— YOUR OBJECTIVE —
Print each entry word for word without images.

Saved entries
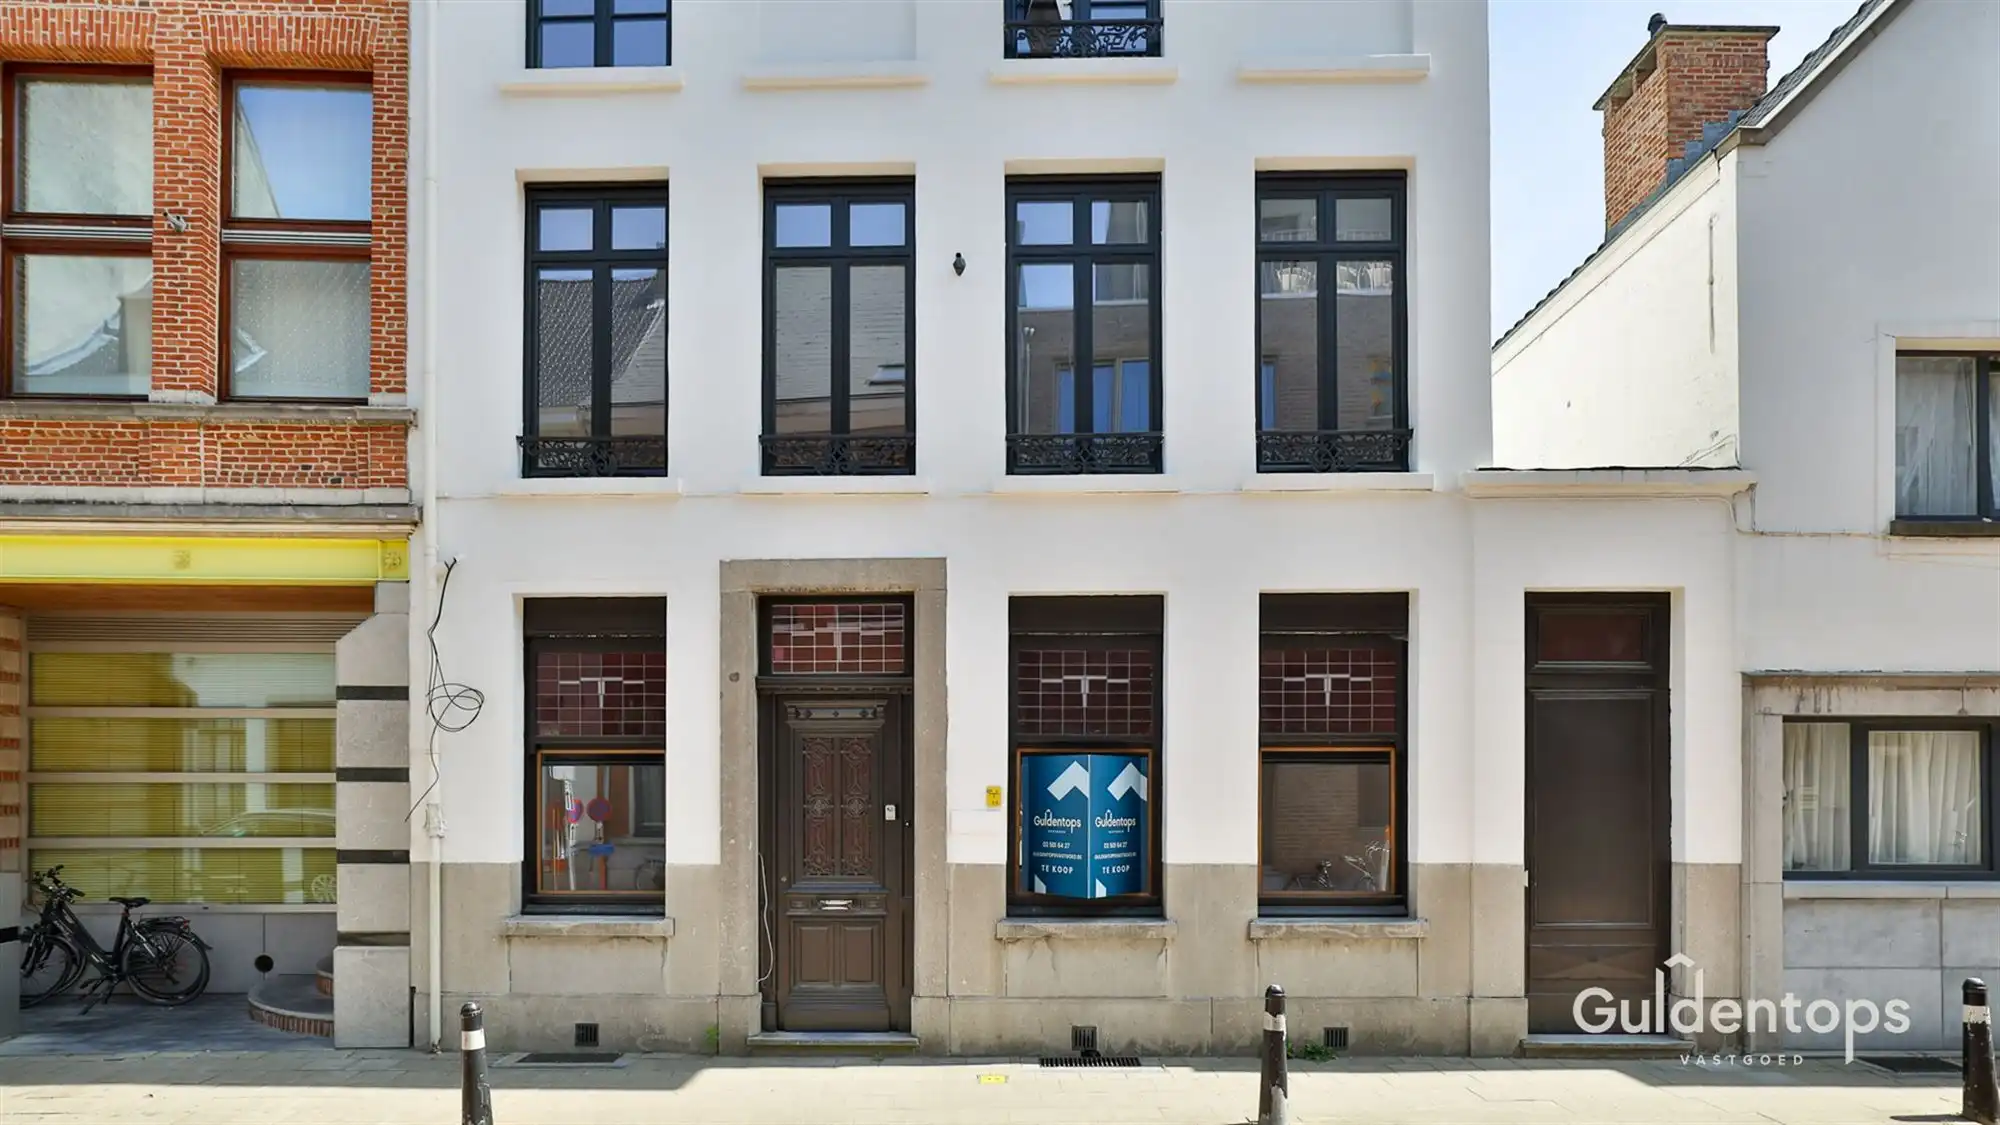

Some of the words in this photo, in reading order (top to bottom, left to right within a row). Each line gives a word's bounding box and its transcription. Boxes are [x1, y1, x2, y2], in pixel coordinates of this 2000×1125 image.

[1033, 809, 1082, 834] Guldentops
[1095, 809, 1136, 832] Guldentops
[1041, 864, 1050, 873] TE
[1051, 865, 1074, 874] KOOP
[1102, 866, 1110, 874] TE
[1111, 864, 1130, 873] KOOP
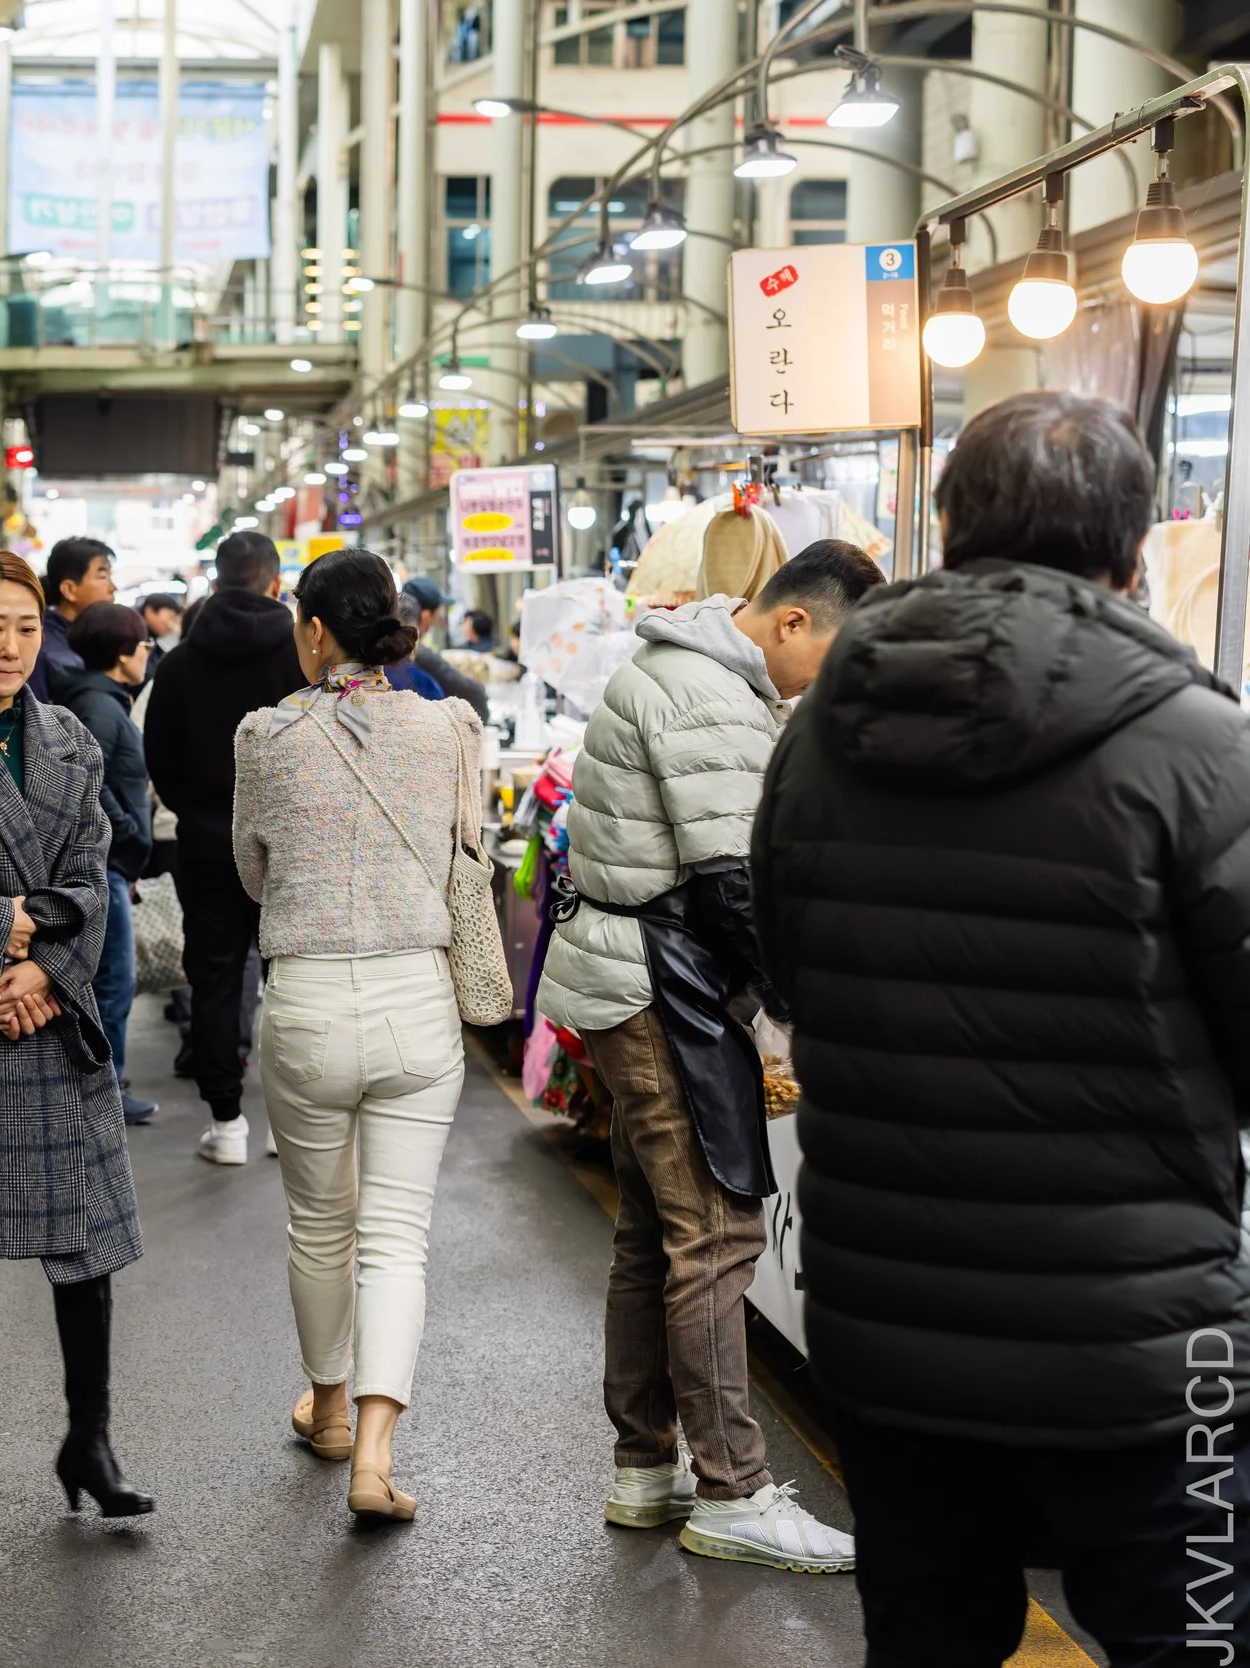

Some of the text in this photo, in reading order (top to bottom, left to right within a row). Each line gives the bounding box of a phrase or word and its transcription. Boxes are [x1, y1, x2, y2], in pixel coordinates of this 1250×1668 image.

[885, 253, 895, 266] 3
[766, 268, 795, 292] 수제
[766, 308, 795, 415] 오란다

— YOUR RESPONSE —
Some of the words in this photo, in reading order (top to bottom, left to right within a row). Each line gives a word's bounding box and its transcription. Boxes are [x1, y1, x2, y2], in pixel coordinates of this 2000×1125 image.

[1033, 809, 1082, 834] Guldentops
[1095, 809, 1136, 832] Guldentops
[1041, 864, 1050, 873] TE
[1051, 865, 1074, 874] KOOP
[1102, 866, 1110, 874] TE
[1111, 864, 1130, 873] KOOP

Some of the text in this photo, in reading order (top to bottom, left to right within a row). Each line gives the bounding box of a phrase or word and its transcription. Boxes are [x1, y1, x2, y2], in pixel coordinates of this 1250×1668 image.

[885, 253, 895, 266] 3
[766, 268, 795, 292] 수제
[766, 308, 795, 415] 오란다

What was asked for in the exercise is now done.